Problem details: Leaving out all pictures, return the records word for word.

Data supplied:

• • • • •

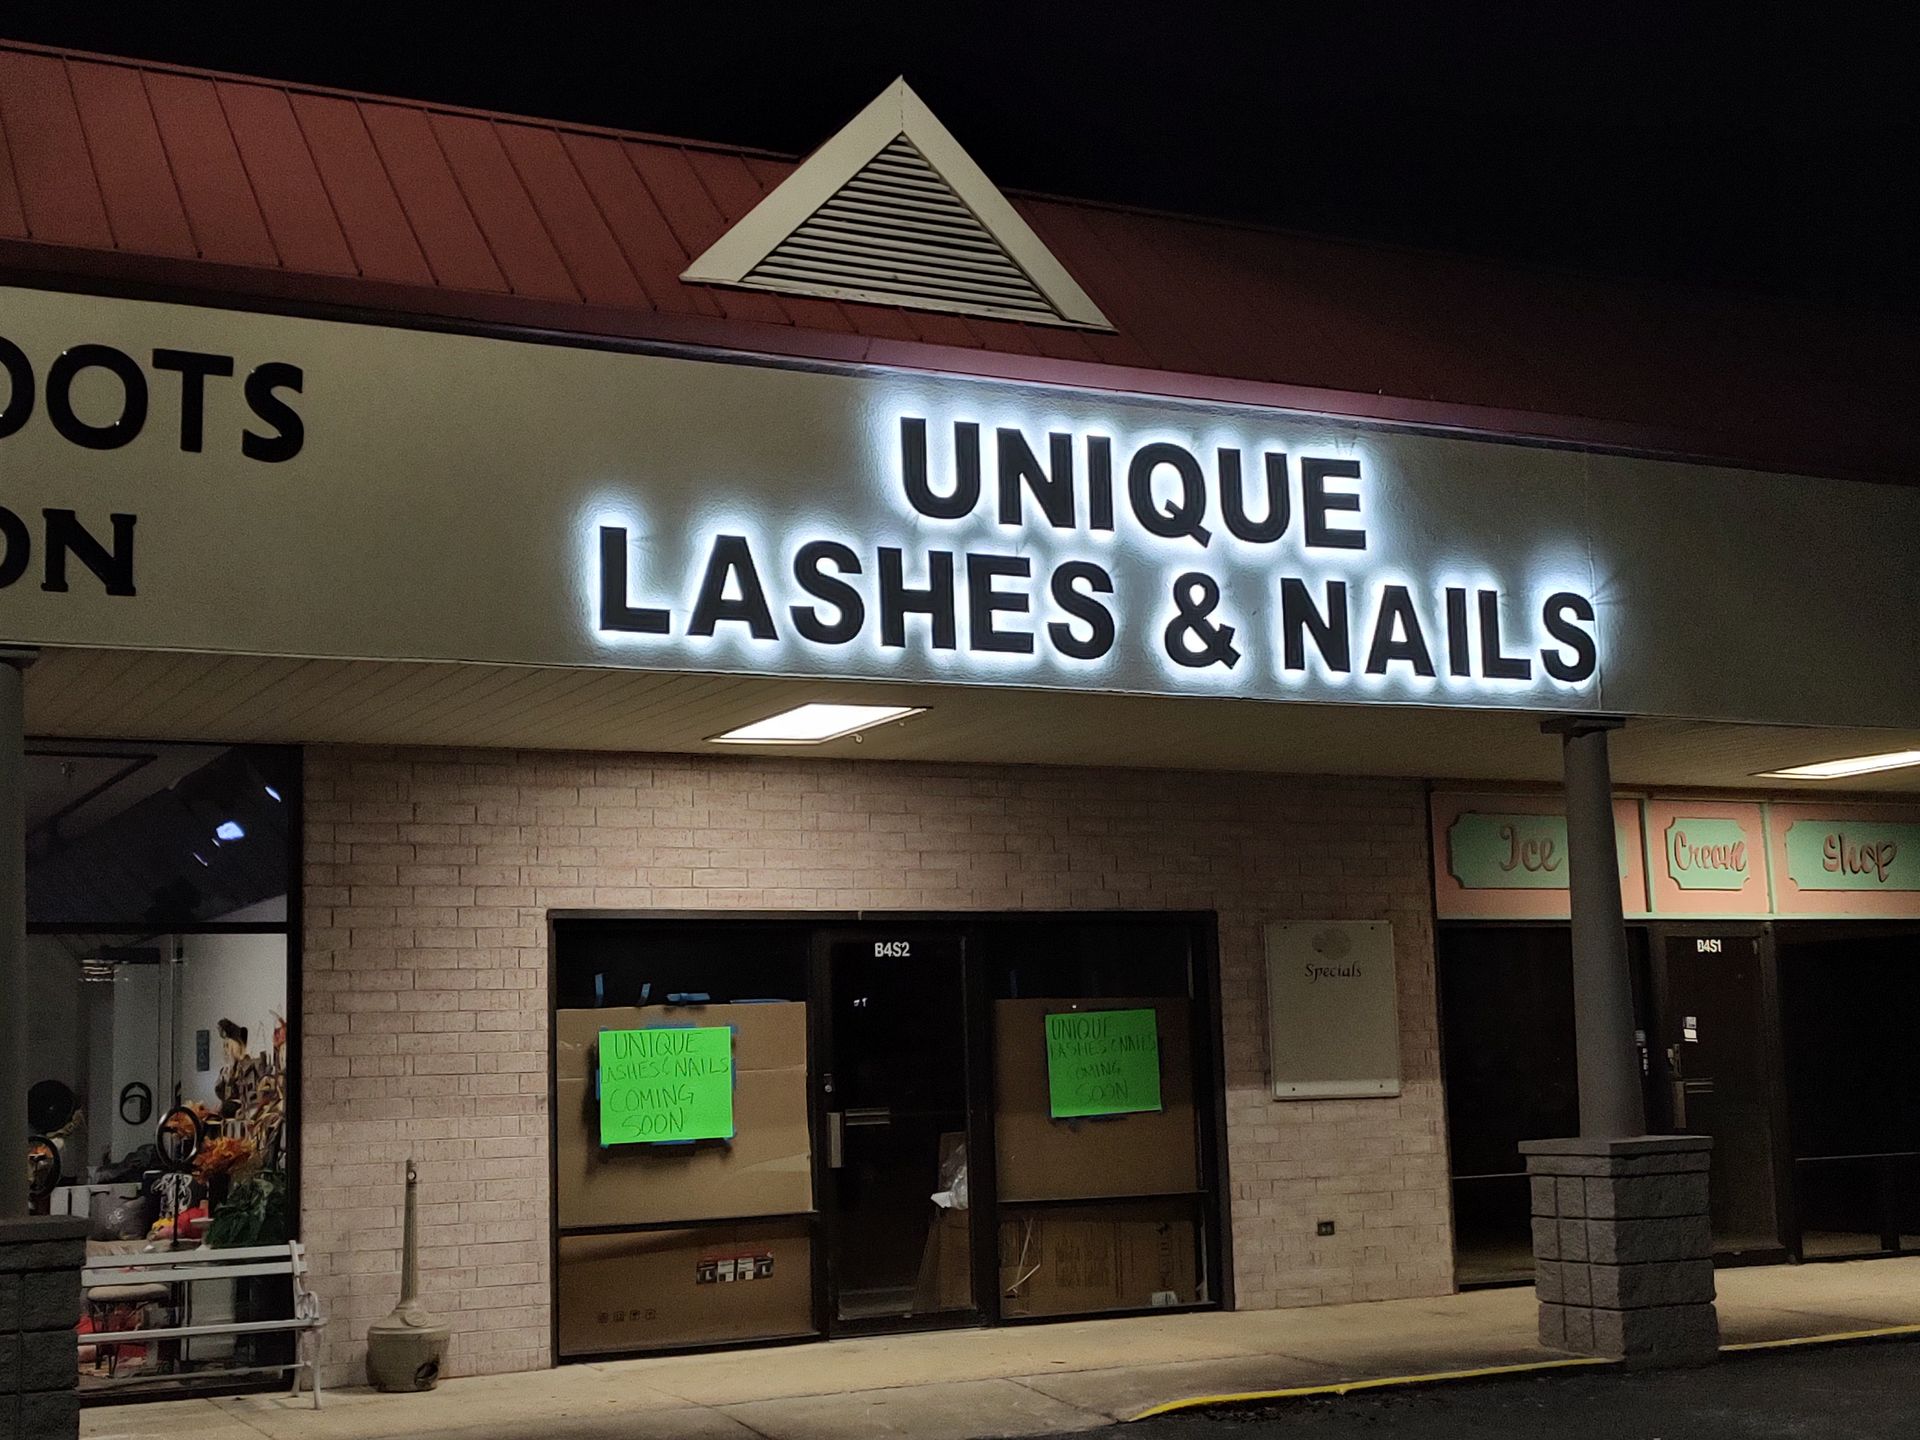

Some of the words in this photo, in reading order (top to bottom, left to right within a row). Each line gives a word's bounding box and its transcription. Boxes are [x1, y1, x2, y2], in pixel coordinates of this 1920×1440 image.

[900, 417, 1366, 550] UNIQUE
[600, 526, 1115, 659] LASHES
[1164, 572, 1241, 670] &
[1281, 577, 1596, 682] NAILS
[1500, 823, 1562, 872] Ice
[1674, 831, 1747, 872] Cream
[1823, 832, 1898, 882] Shop
[874, 942, 910, 957] B4S2
[1304, 962, 1362, 984] Specials
[615, 1031, 702, 1059] UNIQUE
[675, 1057, 729, 1077] NAILS
[609, 1084, 694, 1113] COMING
[622, 1107, 684, 1137] SOON

• • • • •

Expected answer:
Some of the words in this photo, in reading order (top to bottom, left to right within a row). Each line gives a word's bounding box and its transcription. Boxes are [x1, y1, x2, y2], in pixel coordinates of this 1920×1440 image.

[900, 417, 1366, 550] UNIQUE
[600, 526, 1115, 659] LASHES
[1164, 572, 1241, 670] &
[1281, 577, 1596, 682] NAILS
[1500, 823, 1562, 872] Ice
[1674, 831, 1747, 872] Cream
[1823, 832, 1898, 882] Shop
[874, 942, 910, 957] B4S2
[1304, 962, 1362, 984] Specials
[615, 1031, 702, 1059] UNIQUE
[675, 1057, 729, 1077] NAILS
[609, 1084, 694, 1113] COMING
[622, 1107, 684, 1137] SOON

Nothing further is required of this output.